Referring expression grounding data:
···
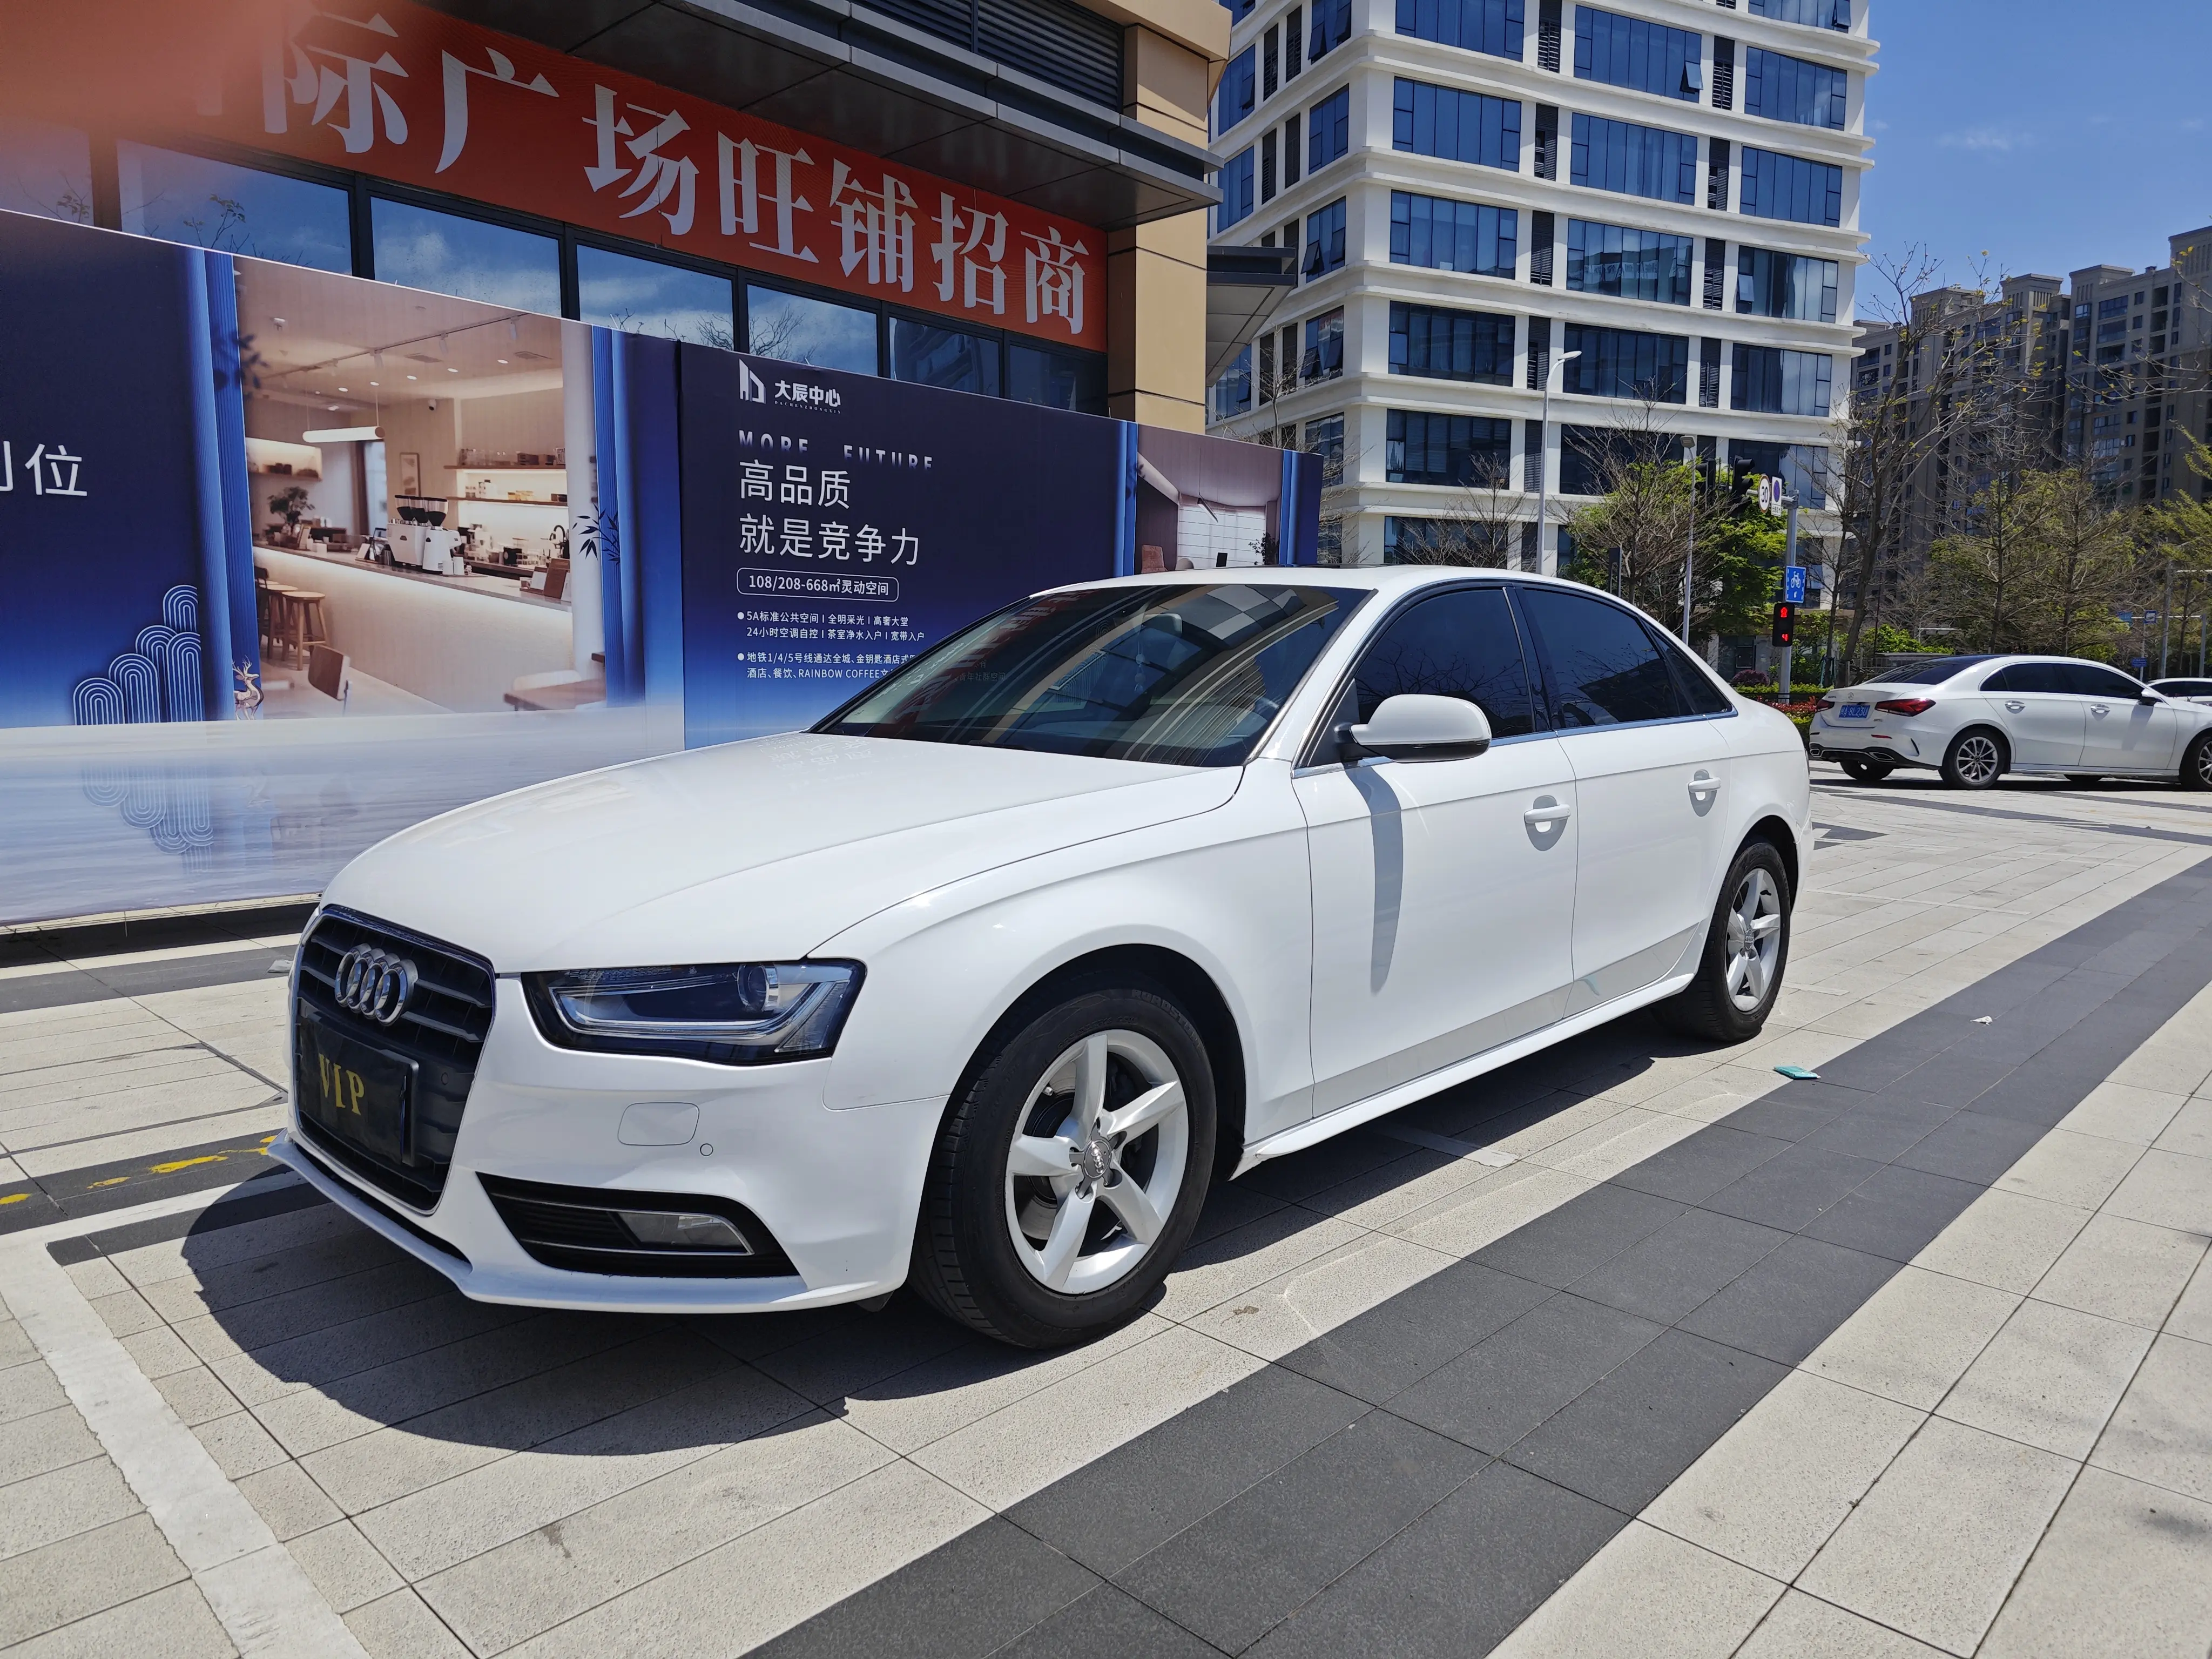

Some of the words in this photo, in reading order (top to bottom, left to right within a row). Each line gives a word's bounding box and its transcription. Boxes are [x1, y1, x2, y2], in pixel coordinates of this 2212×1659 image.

[774, 380, 841, 407] 大辰中心
[774, 400, 841, 414] DACHENZHONGXIN
[739, 459, 851, 509] 高品质
[1761, 486, 1768, 503] 30
[739, 513, 919, 565] 就是竞争力
[846, 668, 893, 679] COFFEE文
[318, 1054, 365, 1116] VIP
···
**PROBLEM REQUIREMENTS:** All of the entries above are to be written out exactly, with no pictures.

**TASK SOLUTION:**
Some of the words in this photo, in reading order (top to bottom, left to right within a row). Each line gives a word's bounding box and its transcription. Boxes are [x1, y1, x2, y2], in pixel coordinates of this 2212×1659 image.

[774, 380, 841, 407] 大辰中心
[774, 400, 841, 414] DACHENZHONGXIN
[739, 459, 851, 509] 高品质
[1761, 486, 1768, 503] 30
[739, 513, 919, 565] 就是竞争力
[846, 668, 893, 679] COFFEE文
[318, 1054, 365, 1116] VIP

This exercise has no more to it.